▸ Exercise prompt
Your task is to print every entry below exactly as given.
---
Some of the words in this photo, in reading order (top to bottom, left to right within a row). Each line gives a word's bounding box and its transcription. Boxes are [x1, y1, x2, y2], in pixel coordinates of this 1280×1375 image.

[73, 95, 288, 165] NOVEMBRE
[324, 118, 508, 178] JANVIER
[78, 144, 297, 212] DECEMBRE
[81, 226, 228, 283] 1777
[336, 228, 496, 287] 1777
---
▸ Exercise output
Some of the words in this photo, in reading order (top to bottom, left to right within a row). Each line gives a word's bounding box and its transcription. Boxes are [x1, y1, x2, y2], in pixel coordinates of this 1280×1375 image.

[73, 95, 288, 165] NOVEMBRE
[324, 118, 508, 178] JANVIER
[78, 144, 297, 212] DECEMBRE
[81, 226, 228, 283] 1777
[336, 228, 496, 287] 1777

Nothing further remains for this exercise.